Nov 13 2007
A team of scientists from the University of California San Francisco has identified distinct molecular markers that predict whether or not a woman is likely to develop subsequent invasive cancer after initial diagnosis with a noninvasive form of early breast cancer.
The research, published by Cell Press in the November issue of Cancer Cell, provides critical information that can be used to determine whether a woman should receive more or less aggressive therapy.
Approximately 12-15% of women diagnosed with ductal carcinoma in situ (DCIS), a tumor limited to milk ducts, develop a subsequent invasive cancer event within the first decade after surgical lumpectomy. However, due to the absence of reliable predictors to identify those women that will develop future tumors formation, all women diagnosed with DCIS tend to be offered similar treatment options. “Identification of biomarkers that predict future tumor development would allow us to stratify a women's individual risk for subsequent invasive tumors and avoid over- and under- treatment,” says lead author Dr.

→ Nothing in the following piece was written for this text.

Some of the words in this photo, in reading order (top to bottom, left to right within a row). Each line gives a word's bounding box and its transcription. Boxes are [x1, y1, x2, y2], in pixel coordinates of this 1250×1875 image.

Thea D. Tlsty and clinician, Dr. Karla Kerlokowske, both from the Comprehensive Cancer Center at the University of California San Francisco.

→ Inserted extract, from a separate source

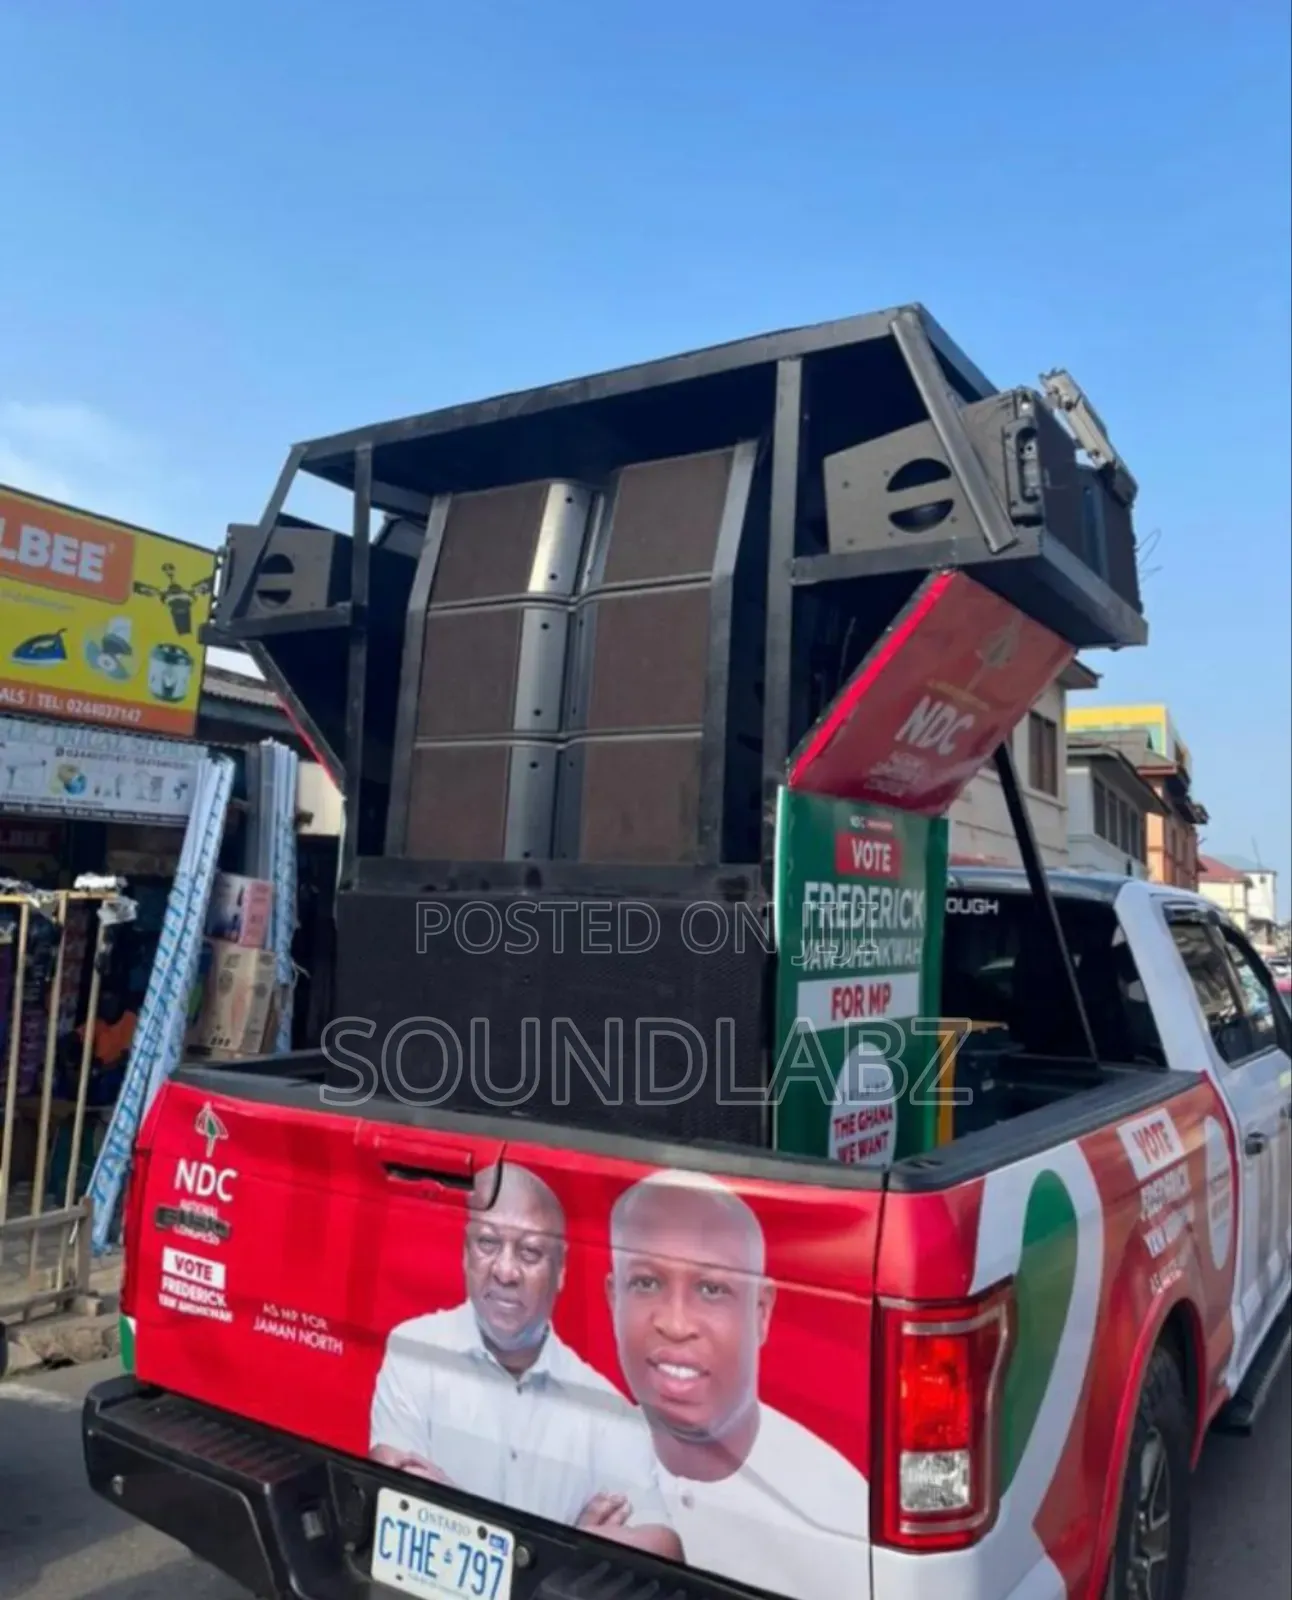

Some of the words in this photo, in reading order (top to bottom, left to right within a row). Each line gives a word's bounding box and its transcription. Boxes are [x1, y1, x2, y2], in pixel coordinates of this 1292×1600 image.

Dr. Tlsty, Gauthier and Berman hypothesized that cells capable of activating pathways linked to stress-induced cell death would not form subsequent tumors while cells that bypass stress signals would be more likely to eventually progress to tumor formation. The researchers evaluated molecular characteristics and their association with outcome in a group of women diagnosed with DCIS and found that expression of biomarkers indicative of a short-circuited response to cellular stress predicts DCIS with a worse outcome and is a defining characteristic of an aggressive phenotype called basal-like tumors. Conversely, a disease-free prognosis is associated with an intact response to cellular stress.
Mechanistic studies indicated that deregulation of the tumor suppressor Rb pathway is linked with the highly proliferative basal-like subtype of breast cancer and cancer recurrence. “The combination of stress-activation and deregulation of p16/Rb signaling may represent a defining signature of basal-like carcinogenesis that can be assayed far in advance to the development of invasive disease and present clinical opportunities for appropriate aggressive intervention,” concludes Dr. Tlsty.